Volume is only one of several subfield size measures including also area and thickness. The females’ volume lack may have been compensated by thickness, which was not measured here. Interconnectivity between areas is another possible determinant of vivid VMI but this was also not measured. Hippocampal subfield measures depend to some degree on the correction system used to calibrate measures against head size [78]. The reliability of the SIENAX system in this study for correcting volumes for gender-based head size is an unknown, possibly confounding, factor.

A reviewer mentioned, given concerns about the accuracy of Freesurfer-derived subfields, that it would ideally have been important to clarify whether, for the original data, the authors had conducted visual inspections or carried out other quality control of the Freesurfer outputs. Unfortunately, details of error-correction with the Freesurfer-derived subfield volume scores were unavailable.

4.3.3. Small Group Sizes

It has been stated that the “extreme groups” protocol is more sensitive than correlation in detecting cognitive differences between subjects varying in VMI vividness. The study protocol used here revealed a large difference in VSTM between High and Low VVIQ groups in spite of the small Ns.

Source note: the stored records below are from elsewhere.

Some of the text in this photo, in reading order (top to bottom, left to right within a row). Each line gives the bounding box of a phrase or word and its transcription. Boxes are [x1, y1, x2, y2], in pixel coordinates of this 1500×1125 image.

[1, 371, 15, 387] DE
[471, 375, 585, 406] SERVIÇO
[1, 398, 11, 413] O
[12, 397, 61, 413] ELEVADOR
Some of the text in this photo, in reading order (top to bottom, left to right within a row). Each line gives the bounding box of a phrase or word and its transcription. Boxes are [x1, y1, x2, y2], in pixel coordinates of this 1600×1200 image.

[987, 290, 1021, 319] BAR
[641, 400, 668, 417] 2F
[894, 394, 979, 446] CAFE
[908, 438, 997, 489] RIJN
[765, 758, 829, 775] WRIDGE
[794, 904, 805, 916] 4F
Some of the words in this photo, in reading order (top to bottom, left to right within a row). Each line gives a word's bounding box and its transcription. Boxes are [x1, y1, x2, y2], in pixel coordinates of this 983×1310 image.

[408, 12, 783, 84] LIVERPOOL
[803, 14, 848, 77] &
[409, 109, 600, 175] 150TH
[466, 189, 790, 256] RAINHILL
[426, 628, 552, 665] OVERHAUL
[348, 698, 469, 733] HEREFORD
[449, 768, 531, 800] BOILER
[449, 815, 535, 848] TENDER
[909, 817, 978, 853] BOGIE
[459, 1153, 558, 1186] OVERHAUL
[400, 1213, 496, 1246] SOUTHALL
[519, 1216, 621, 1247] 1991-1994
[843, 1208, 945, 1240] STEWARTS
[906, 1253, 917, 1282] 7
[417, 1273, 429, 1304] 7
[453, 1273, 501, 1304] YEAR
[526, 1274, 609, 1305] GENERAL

The downside of the “extreme groups” protocol is the reduction in sample size from 53 to 20. Fifty-three is already not large, but the reduction to twenty, is much worse for statistical power. Substantial VVIQ differences in volumes could have overcome the relative lack of power of the small group Ns, but in the case of gender and age, the study was inconclusive in these regards.

As noted, the study included only one aphantasic and one hyperphantasic subject, and so considerable caution is warranted in interpreting the statistical findings about them.

5. Conclusions

(1)

Are VMI-vividness differences measured with the VVIQ actually measuring anything? If we are enabled to make rich, precise, falsifiable predictions using VVIQ measures, then the answer is affirmative. VVIQ differences are measuring genuine VMI differences, and, in this study as in many others, they have produced a set of highly significant and meaningful findings.

(2)

What functions do the vividness differences serve? High VMI-vividness serves three primary functions: (A) remembering recent and distant-past stimuli, scenarios, episodes, and events; (B) anticipating, foreseeing, and simulating near and distant future stimuli, scenarios, episodes, and events; and, (C) constructing phantasy for dreams, imaginary stimuli, scenarios, episodes, and events. Low or absent VMI require alternative, non-imagistic mnemonic strategies, such as scaffolding, tagging, and listing, to perform tasks but, in some cases, less efficiently.

(3)

What is their neurological foundation? VMI-vividness differences are founded, at least in part, on a highly varied set of regional brain volumes which show significant, systematic associations with VVIQ scores.